Free-text object descriptions
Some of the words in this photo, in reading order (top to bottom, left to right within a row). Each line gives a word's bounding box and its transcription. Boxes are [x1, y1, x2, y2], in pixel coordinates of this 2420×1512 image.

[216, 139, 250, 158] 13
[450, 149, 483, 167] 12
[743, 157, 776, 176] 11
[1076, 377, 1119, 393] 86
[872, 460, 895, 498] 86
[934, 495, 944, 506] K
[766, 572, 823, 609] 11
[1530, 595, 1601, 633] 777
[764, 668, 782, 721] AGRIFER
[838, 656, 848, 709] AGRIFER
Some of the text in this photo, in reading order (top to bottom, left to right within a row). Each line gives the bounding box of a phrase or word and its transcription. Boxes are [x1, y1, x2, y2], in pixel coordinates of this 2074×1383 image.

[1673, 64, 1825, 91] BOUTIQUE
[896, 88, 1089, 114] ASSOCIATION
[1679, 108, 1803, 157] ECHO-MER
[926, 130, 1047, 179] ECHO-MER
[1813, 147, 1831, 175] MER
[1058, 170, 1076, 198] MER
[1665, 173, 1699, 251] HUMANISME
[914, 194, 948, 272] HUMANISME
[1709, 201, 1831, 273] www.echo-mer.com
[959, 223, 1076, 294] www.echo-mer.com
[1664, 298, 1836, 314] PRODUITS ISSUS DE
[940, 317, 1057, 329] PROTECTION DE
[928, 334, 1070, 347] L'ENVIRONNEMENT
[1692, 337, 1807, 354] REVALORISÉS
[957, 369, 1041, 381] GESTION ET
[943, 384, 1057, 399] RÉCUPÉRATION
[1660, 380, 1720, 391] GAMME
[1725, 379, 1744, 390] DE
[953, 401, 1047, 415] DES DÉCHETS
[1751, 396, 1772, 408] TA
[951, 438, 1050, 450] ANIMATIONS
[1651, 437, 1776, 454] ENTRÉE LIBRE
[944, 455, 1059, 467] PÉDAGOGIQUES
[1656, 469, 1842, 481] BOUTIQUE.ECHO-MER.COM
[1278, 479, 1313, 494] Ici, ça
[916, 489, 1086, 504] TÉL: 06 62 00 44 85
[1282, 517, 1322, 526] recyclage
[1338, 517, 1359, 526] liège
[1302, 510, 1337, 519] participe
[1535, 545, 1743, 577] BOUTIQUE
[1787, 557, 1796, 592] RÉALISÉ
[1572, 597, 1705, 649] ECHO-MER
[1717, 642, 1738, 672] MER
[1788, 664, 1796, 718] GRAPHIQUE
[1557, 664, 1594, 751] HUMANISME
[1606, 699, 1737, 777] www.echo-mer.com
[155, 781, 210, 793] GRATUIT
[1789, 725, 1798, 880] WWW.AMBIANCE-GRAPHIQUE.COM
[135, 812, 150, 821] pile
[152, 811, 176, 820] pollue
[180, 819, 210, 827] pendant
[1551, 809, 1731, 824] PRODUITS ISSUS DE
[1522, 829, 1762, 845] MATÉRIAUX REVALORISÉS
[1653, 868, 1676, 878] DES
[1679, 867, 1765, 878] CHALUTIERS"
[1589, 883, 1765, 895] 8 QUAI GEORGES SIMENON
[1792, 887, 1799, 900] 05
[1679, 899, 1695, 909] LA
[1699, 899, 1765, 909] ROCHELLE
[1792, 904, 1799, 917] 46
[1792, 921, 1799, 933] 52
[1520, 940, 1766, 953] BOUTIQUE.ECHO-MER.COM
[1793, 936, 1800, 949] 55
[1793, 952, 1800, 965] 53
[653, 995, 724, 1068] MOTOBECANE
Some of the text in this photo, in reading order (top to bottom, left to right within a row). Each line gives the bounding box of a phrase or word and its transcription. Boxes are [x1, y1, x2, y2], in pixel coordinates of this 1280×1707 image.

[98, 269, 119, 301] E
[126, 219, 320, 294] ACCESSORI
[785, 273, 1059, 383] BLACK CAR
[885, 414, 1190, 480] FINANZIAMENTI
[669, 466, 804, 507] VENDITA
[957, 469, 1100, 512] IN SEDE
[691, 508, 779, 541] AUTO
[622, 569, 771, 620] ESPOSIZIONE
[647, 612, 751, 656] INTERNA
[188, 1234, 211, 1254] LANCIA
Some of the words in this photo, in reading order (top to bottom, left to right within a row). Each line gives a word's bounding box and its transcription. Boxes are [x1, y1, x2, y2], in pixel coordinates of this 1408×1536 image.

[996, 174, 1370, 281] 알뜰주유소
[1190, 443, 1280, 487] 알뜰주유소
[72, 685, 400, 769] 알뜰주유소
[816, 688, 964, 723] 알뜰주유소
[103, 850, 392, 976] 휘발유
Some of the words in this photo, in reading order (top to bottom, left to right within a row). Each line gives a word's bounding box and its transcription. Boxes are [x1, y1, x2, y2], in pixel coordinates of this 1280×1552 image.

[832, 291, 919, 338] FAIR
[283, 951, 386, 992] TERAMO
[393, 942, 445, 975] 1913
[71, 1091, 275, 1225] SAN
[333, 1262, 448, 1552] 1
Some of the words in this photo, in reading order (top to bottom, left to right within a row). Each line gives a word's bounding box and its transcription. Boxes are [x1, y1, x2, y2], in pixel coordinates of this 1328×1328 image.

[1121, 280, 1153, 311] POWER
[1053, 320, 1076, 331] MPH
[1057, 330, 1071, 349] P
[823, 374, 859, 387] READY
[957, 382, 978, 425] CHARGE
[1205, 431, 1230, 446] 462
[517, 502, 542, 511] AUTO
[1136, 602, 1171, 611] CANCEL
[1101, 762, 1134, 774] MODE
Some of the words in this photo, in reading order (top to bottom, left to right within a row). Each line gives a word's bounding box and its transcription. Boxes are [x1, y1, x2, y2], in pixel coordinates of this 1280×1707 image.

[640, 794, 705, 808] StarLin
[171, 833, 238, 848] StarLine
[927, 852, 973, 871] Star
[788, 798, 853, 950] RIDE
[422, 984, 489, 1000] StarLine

• Work order
Return each record exactly as given.

• Answer to the problem
Some of the words in this photo, in reading order (top to bottom, left to right within a row). Each line gives a word's bounding box and its transcription. Boxes are [x1, y1, x2, y2], in pixel coordinates of this 2420×1512 image.

[216, 139, 250, 158] 13
[450, 149, 483, 167] 12
[743, 157, 776, 176] 11
[1076, 377, 1119, 393] 86
[872, 460, 895, 498] 86
[934, 495, 944, 506] K
[766, 572, 823, 609] 11
[1530, 595, 1601, 633] 777
[764, 668, 782, 721] AGRIFER
[838, 656, 848, 709] AGRIFER
Some of the text in this photo, in reading order (top to bottom, left to right within a row). Each line gives the bounding box of a phrase or word and its transcription. Boxes are [x1, y1, x2, y2], in pixel coordinates of this 2074×1383 image.

[1673, 64, 1825, 91] BOUTIQUE
[896, 88, 1089, 114] ASSOCIATION
[1679, 108, 1803, 157] ECHO-MER
[926, 130, 1047, 179] ECHO-MER
[1813, 147, 1831, 175] MER
[1058, 170, 1076, 198] MER
[1665, 173, 1699, 251] HUMANISME
[914, 194, 948, 272] HUMANISME
[1709, 201, 1831, 273] www.echo-mer.com
[959, 223, 1076, 294] www.echo-mer.com
[1664, 298, 1836, 314] PRODUITS ISSUS DE
[940, 317, 1057, 329] PROTECTION DE
[928, 334, 1070, 347] L'ENVIRONNEMENT
[1692, 337, 1807, 354] REVALORISÉS
[957, 369, 1041, 381] GESTION ET
[943, 384, 1057, 399] RÉCUPÉRATION
[1660, 380, 1720, 391] GAMME
[1725, 379, 1744, 390] DE
[953, 401, 1047, 415] DES DÉCHETS
[1751, 396, 1772, 408] TA
[951, 438, 1050, 450] ANIMATIONS
[1651, 437, 1776, 454] ENTRÉE LIBRE
[944, 455, 1059, 467] PÉDAGOGIQUES
[1656, 469, 1842, 481] BOUTIQUE.ECHO-MER.COM
[1278, 479, 1313, 494] Ici, ça
[916, 489, 1086, 504] TÉL: 06 62 00 44 85
[1282, 517, 1322, 526] recyclage
[1338, 517, 1359, 526] liège
[1302, 510, 1337, 519] participe
[1535, 545, 1743, 577] BOUTIQUE
[1787, 557, 1796, 592] RÉALISÉ
[1572, 597, 1705, 649] ECHO-MER
[1717, 642, 1738, 672] MER
[1788, 664, 1796, 718] GRAPHIQUE
[1557, 664, 1594, 751] HUMANISME
[1606, 699, 1737, 777] www.echo-mer.com
[155, 781, 210, 793] GRATUIT
[1789, 725, 1798, 880] WWW.AMBIANCE-GRAPHIQUE.COM
[135, 812, 150, 821] pile
[152, 811, 176, 820] pollue
[180, 819, 210, 827] pendant
[1551, 809, 1731, 824] PRODUITS ISSUS DE
[1522, 829, 1762, 845] MATÉRIAUX REVALORISÉS
[1653, 868, 1676, 878] DES
[1679, 867, 1765, 878] CHALUTIERS"
[1589, 883, 1765, 895] 8 QUAI GEORGES SIMENON
[1792, 887, 1799, 900] 05
[1679, 899, 1695, 909] LA
[1699, 899, 1765, 909] ROCHELLE
[1792, 904, 1799, 917] 46
[1792, 921, 1799, 933] 52
[1520, 940, 1766, 953] BOUTIQUE.ECHO-MER.COM
[1793, 936, 1800, 949] 55
[1793, 952, 1800, 965] 53
[653, 995, 724, 1068] MOTOBECANE
Some of the text in this photo, in reading order (top to bottom, left to right within a row). Each line gives the bounding box of a phrase or word and its transcription. Boxes are [x1, y1, x2, y2], in pixel coordinates of this 1280×1707 image.

[98, 269, 119, 301] E
[126, 219, 320, 294] ACCESSORI
[785, 273, 1059, 383] BLACK CAR
[885, 414, 1190, 480] FINANZIAMENTI
[669, 466, 804, 507] VENDITA
[957, 469, 1100, 512] IN SEDE
[691, 508, 779, 541] AUTO
[622, 569, 771, 620] ESPOSIZIONE
[647, 612, 751, 656] INTERNA
[188, 1234, 211, 1254] LANCIA
Some of the words in this photo, in reading order (top to bottom, left to right within a row). Each line gives a word's bounding box and its transcription. Boxes are [x1, y1, x2, y2], in pixel coordinates of this 1408×1536 image.

[996, 174, 1370, 281] 알뜰주유소
[1190, 443, 1280, 487] 알뜰주유소
[72, 685, 400, 769] 알뜰주유소
[816, 688, 964, 723] 알뜰주유소
[103, 850, 392, 976] 휘발유
Some of the words in this photo, in reading order (top to bottom, left to right within a row). Each line gives a word's bounding box and its transcription. Boxes are [x1, y1, x2, y2], in pixel coordinates of this 1280×1552 image.

[832, 291, 919, 338] FAIR
[283, 951, 386, 992] TERAMO
[393, 942, 445, 975] 1913
[71, 1091, 275, 1225] SAN
[333, 1262, 448, 1552] 1
Some of the words in this photo, in reading order (top to bottom, left to right within a row). Each line gives a word's bounding box and its transcription. Boxes are [x1, y1, x2, y2], in pixel coordinates of this 1328×1328 image.

[1121, 280, 1153, 311] POWER
[1053, 320, 1076, 331] MPH
[1057, 330, 1071, 349] P
[823, 374, 859, 387] READY
[957, 382, 978, 425] CHARGE
[1205, 431, 1230, 446] 462
[517, 502, 542, 511] AUTO
[1136, 602, 1171, 611] CANCEL
[1101, 762, 1134, 774] MODE
Some of the words in this photo, in reading order (top to bottom, left to right within a row). Each line gives a word's bounding box and its transcription. Boxes are [x1, y1, x2, y2], in pixel coordinates of this 1280×1707 image.

[640, 794, 705, 808] StarLin
[171, 833, 238, 848] StarLine
[927, 852, 973, 871] Star
[788, 798, 853, 950] RIDE
[422, 984, 489, 1000] StarLine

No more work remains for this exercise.